There's a few things at work here -- first, I don't know what "role" one needs filled there. Wizards can fill lots of roles. Any class can fill lots of roles. There's no need for a wizard, sorcerer, bard, or warlock (or any particular class) in any party. So there's nothing inherently special and necessary in a wizard. You play a wizard like you play a paladin or a fighter or a rogue -- because you WANT to.
The next is that I could imagine an independent psionic class, but they need the mechanical "size" to back that up. They needs something mechanically distinct that alters how they use their "spells," a la a warlock's at-will/encounter casting or a sorcerer's sorcery points. And it couldn't be either of those things. They can't just be the same features of a wizard (high-level spells, versatility in selection, tradition features, etc.) but "it's psionic so it's not the same!" That's hypothetically possible, I imagine, but I'm not sure what that would look like. A points system isn't enough to distinguish it by itself.
I don't hate the idea of a "wild talent" feat that allows exactly what you've described, but how can we balance a dedicated psionic character whose powers are all external to their primary class?

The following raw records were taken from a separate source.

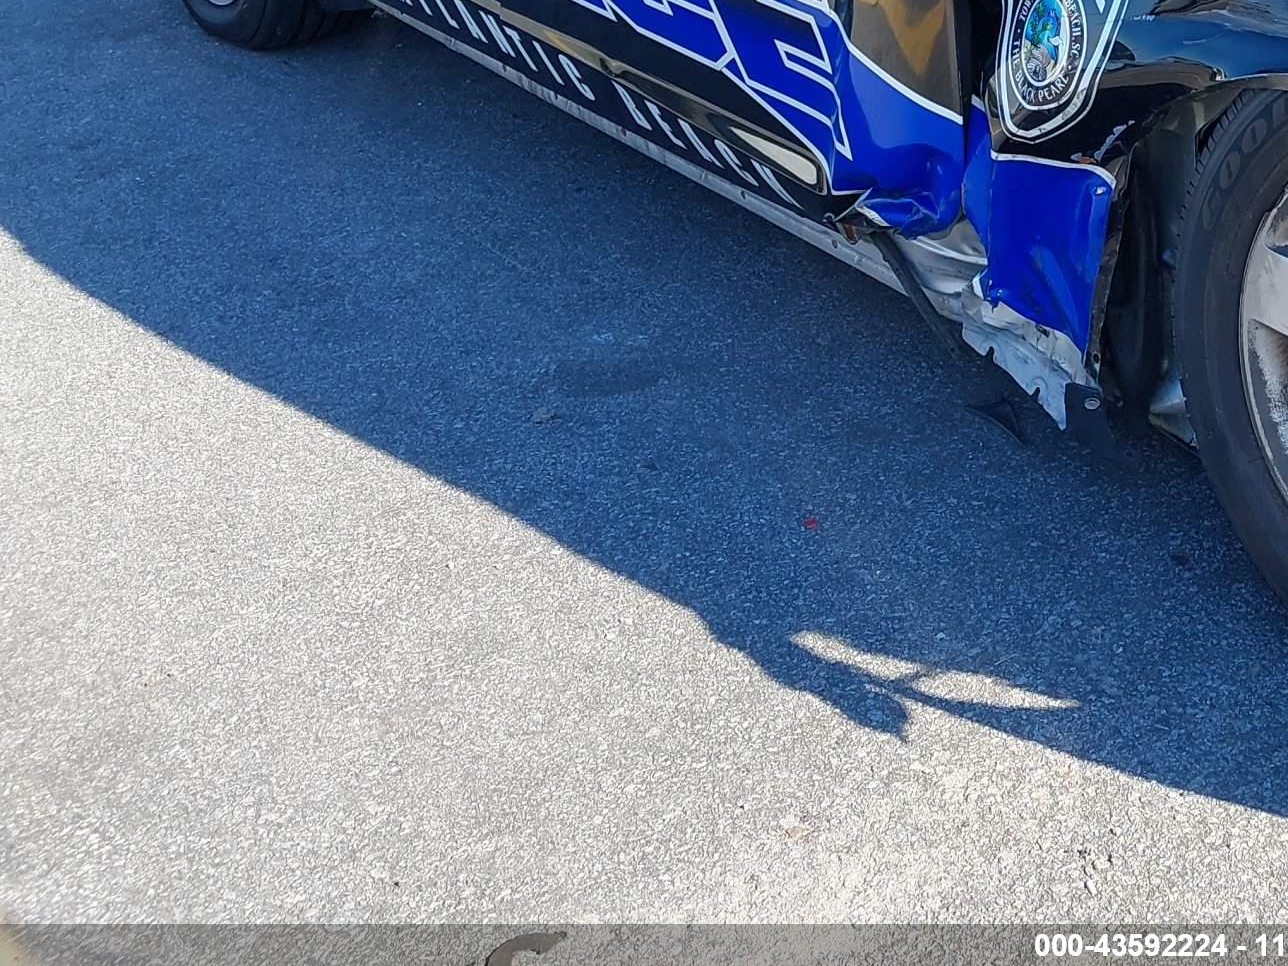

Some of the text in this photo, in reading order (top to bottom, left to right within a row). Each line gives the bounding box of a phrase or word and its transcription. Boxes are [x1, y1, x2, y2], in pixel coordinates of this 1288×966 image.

[1012, 40, 1069, 103] THE BLACK PEARL
[612, 80, 805, 210] BEACH
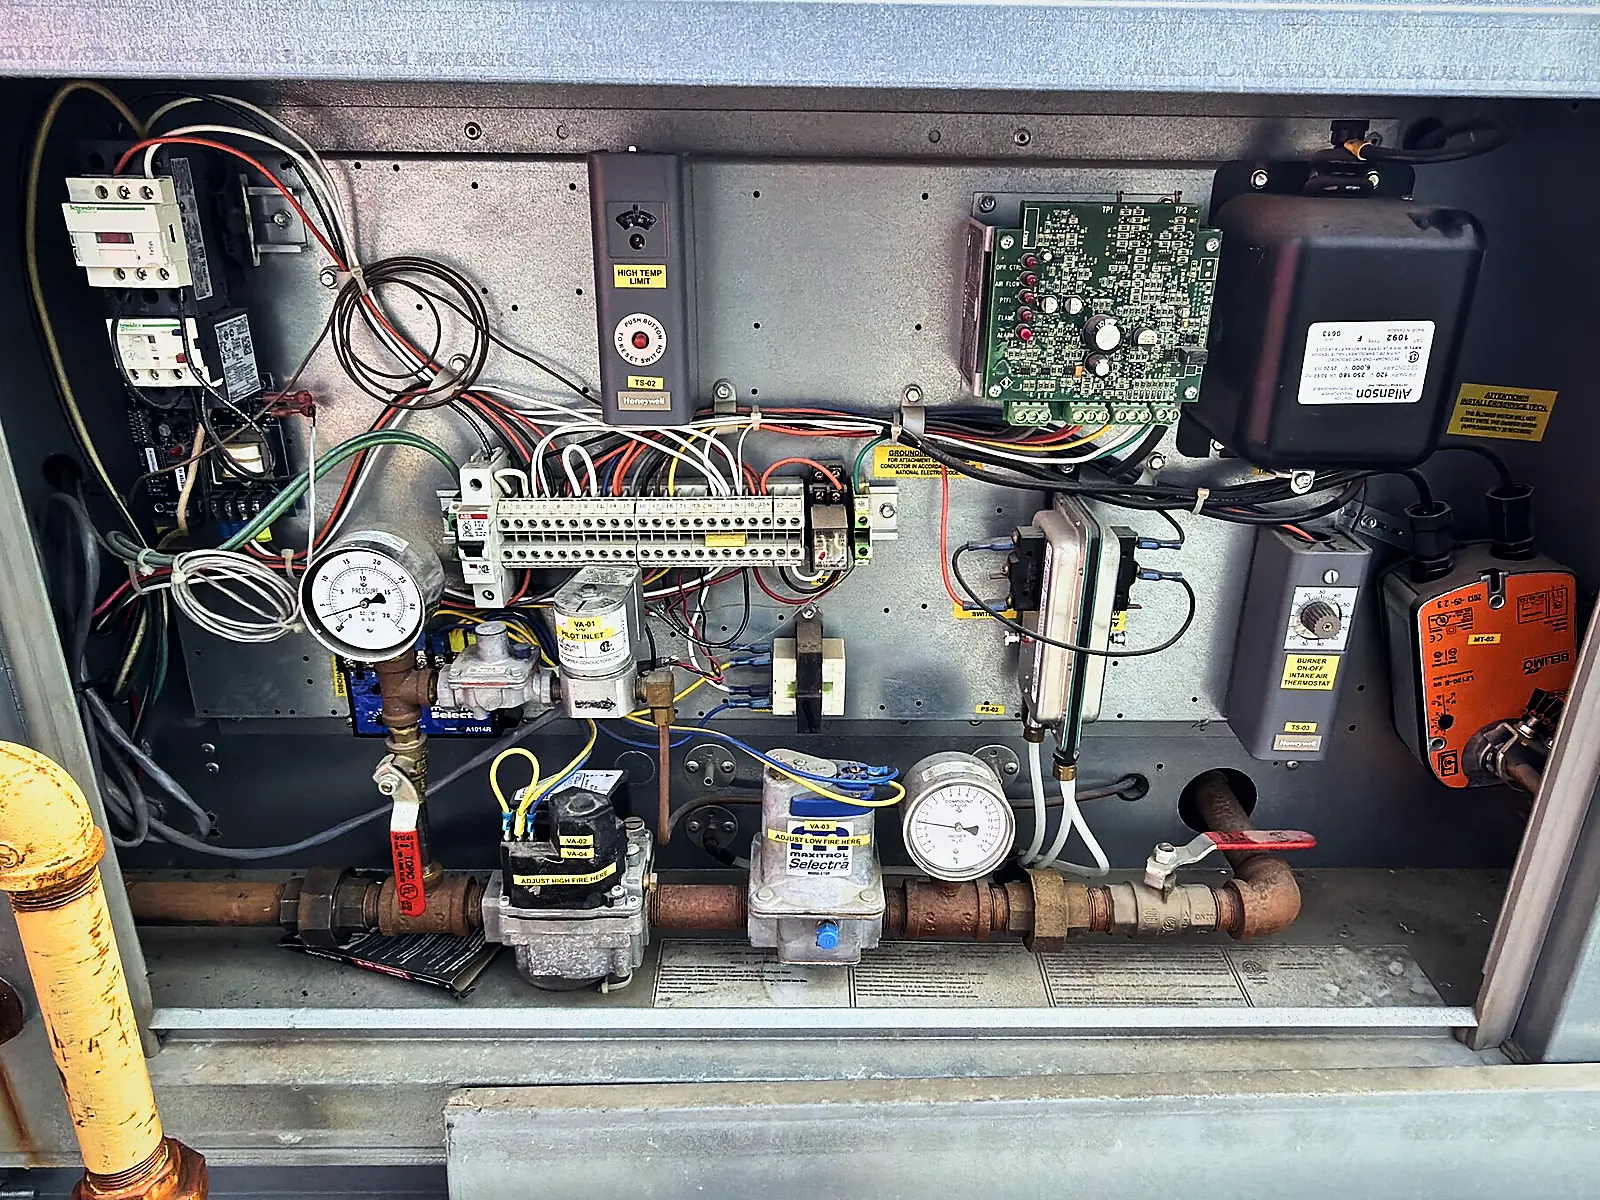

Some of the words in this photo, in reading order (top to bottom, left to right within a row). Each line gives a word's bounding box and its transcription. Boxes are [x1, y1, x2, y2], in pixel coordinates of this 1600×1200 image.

[1103, 205, 1114, 214] TP1
[1175, 206, 1187, 214] TP2
[624, 318, 641, 327] PUSH
[642, 318, 663, 340] BUTTON
[618, 332, 624, 341] TO
[619, 343, 638, 363] RESET
[641, 345, 663, 363] SWITCH
[634, 379, 656, 387] TS-02
[1356, 388, 1412, 399] Allanson
[623, 397, 665, 405] Honeywell
[1522, 652, 1570, 671] BELIMO
[431, 711, 474, 719] Select
[1279, 739, 1318, 747] Honeywell
[775, 834, 803, 843] ADJUST
[405, 856, 415, 880] TOPIC
[789, 858, 849, 870] Selectra
[590, 870, 608, 882] HERE

Feats could pick up much of that slack. Want to be a dedicated psionic character? Sounds good, you'll just be giving up higher ability scores in exchange for several psionic feats ("I've learned
ego whip,
pyrokinesis, and
Tower of Iron Will with this feat!").
I see. I think I'm with you 90%; I just don't think the wizard framework is ideal for psions--too much "book magic" built into the core of the class, even if the crunch-execution is similar to the ideal psion.

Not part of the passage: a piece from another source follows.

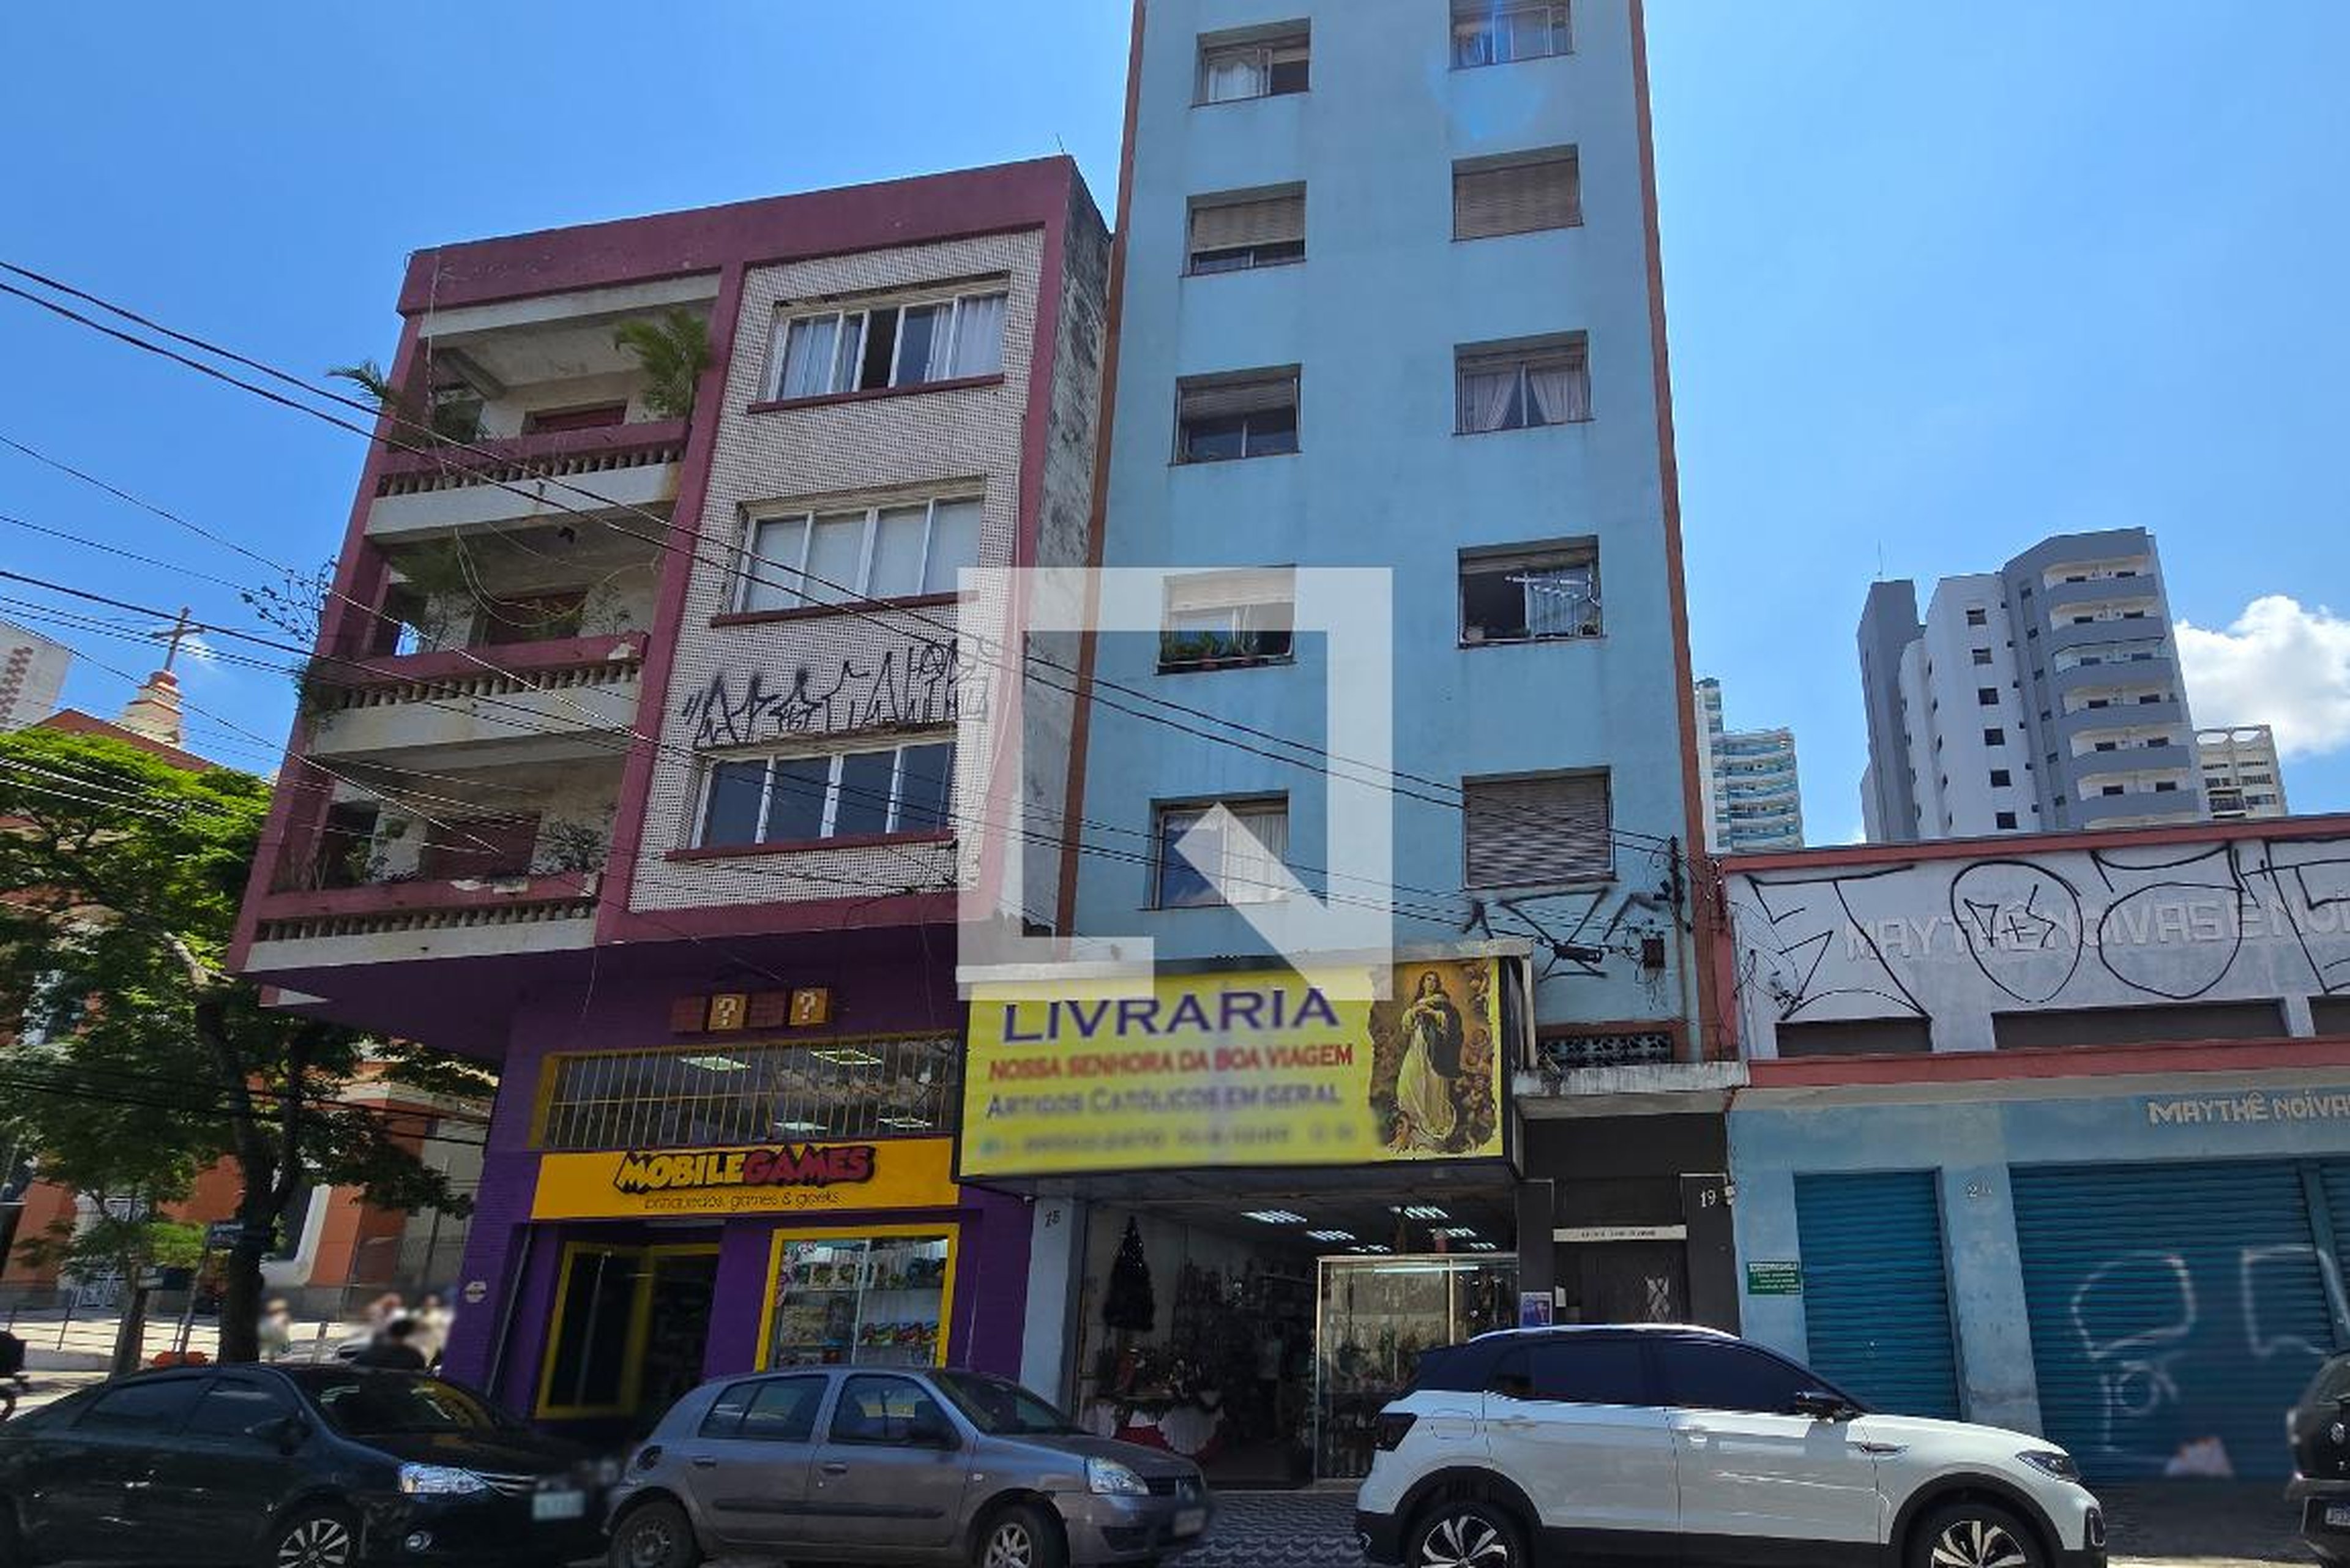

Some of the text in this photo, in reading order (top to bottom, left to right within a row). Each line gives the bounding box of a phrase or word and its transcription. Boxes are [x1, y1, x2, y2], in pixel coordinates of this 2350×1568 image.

[1004, 985, 1340, 1043] LIVRARIA
[988, 1043, 1353, 1081] NOSSA SENHORA DA BOA VIAGEM

The only thing about a wizard that is "book magic" is the spellbook, whose only mechanical function is to allow the wizard to load out a different list of spells known each day. One variant feature might replace that (maybe a "psionic focus" ability that gives the School of Psionics wizard a small perk in exchange for not spending all of their spell slots or something).

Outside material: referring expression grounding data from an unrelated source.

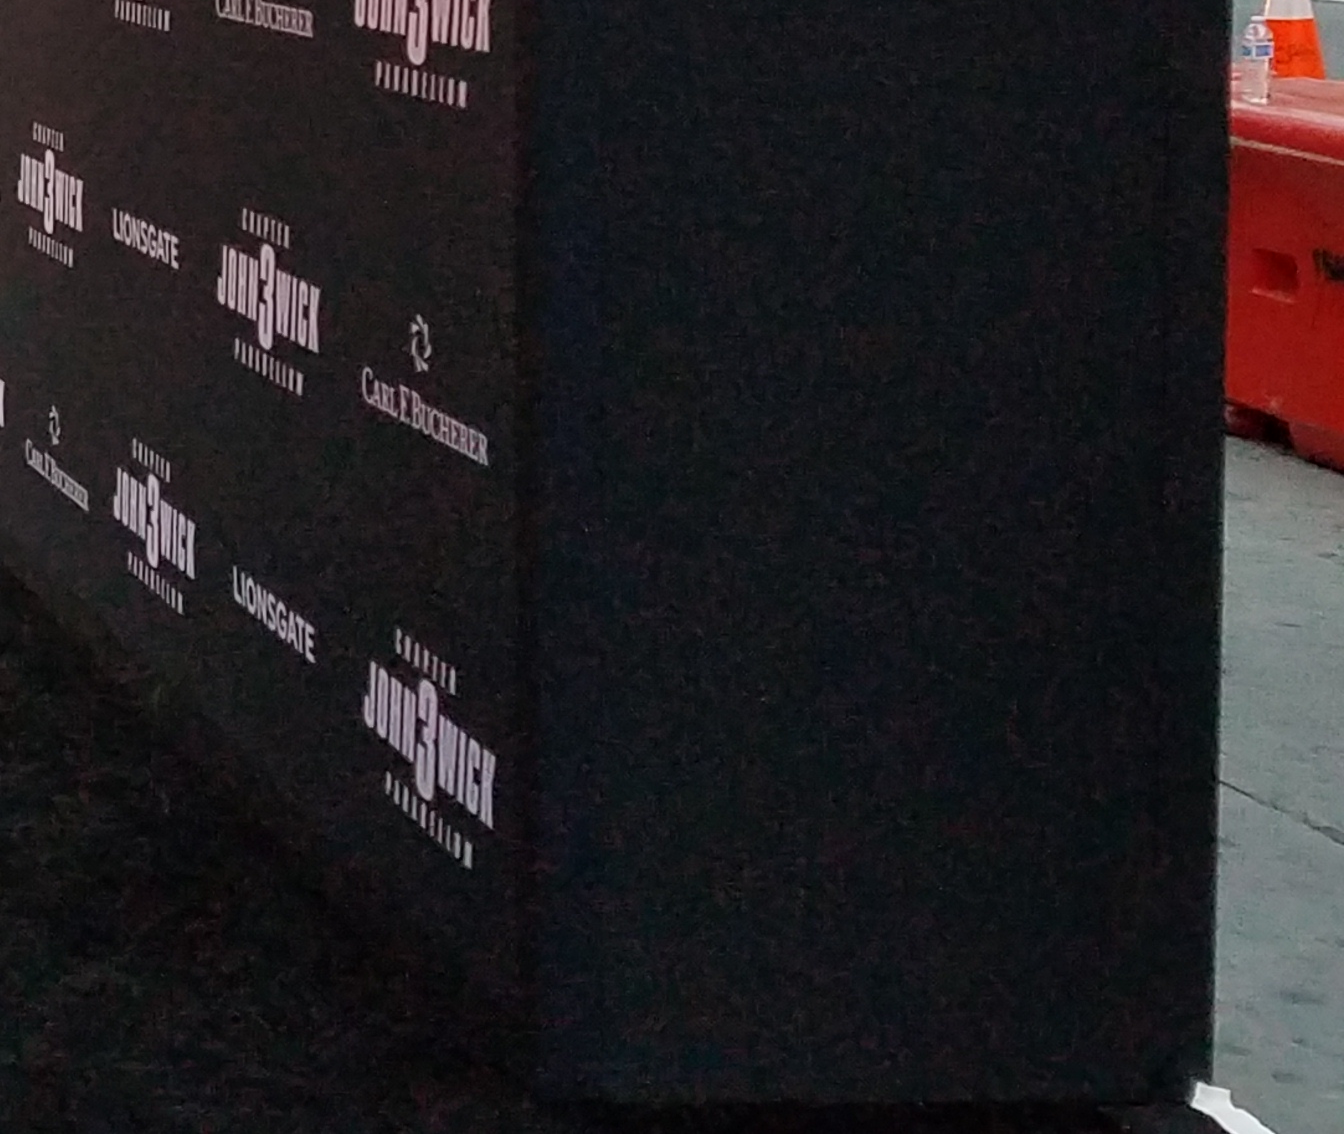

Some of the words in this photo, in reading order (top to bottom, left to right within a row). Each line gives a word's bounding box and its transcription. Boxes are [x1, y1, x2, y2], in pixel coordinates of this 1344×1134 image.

[17, 153, 43, 209] JOHN
[44, 149, 54, 233] 3
[56, 170, 83, 231] WICK
[113, 208, 178, 268] LIONSGATE
[217, 245, 257, 318] JOHN
[258, 243, 274, 349] 3
[276, 271, 320, 352] WICK
[361, 366, 397, 417] CARL
[411, 390, 487, 465] BUCHERER
[113, 467, 145, 536] JOHN
[146, 473, 158, 567] 3
[161, 504, 195, 578] WICK
[233, 566, 314, 662] LIONSGATE
[363, 661, 414, 759] JOHN
[416, 679, 437, 800] 3
[439, 716, 495, 828] WICK

Psionics has long stood as an alternative to magic. If all else fails to make psionics worthwhile, I think it's worth including just for the very different flavour of pikes and psychics compared to swords and sorcery. YMMV.
I guess I don't understand why a subclass or several wouldn't give that alternative flavor without all the labor-intensive fobs of a whole new class.
A few new wizard schools (Seers, Telepaths, Kineticists, Nomads, Egoists, Creatives) with some new features support the "dedicated mind-mage" archetype. Psychic warriors are just another fighter variant. Monks could become soulknives. Sorcerers would make good wilders ("I just have this power, I don't know what to do with it!") Heck, we could even dust off the Lurk for rogues and the Ardent for bards and the Divine Mind for Paladins (though I'm not sure any of those are missed very much). There's not much in the existing suite of psionics that doesn't fit snugly into subclass territory.
IMXP, a lot of people have this preconceived notion about wizards that they are somehow weak and feeble and necessarily physically frail, but that's not true in 5e. Somehow the "I can't use a spear!" weapon proficiency gets in people's heads as an insurmountable obstacle to making a given spell-using character type the Wizard class. It's really a very minor thing to change.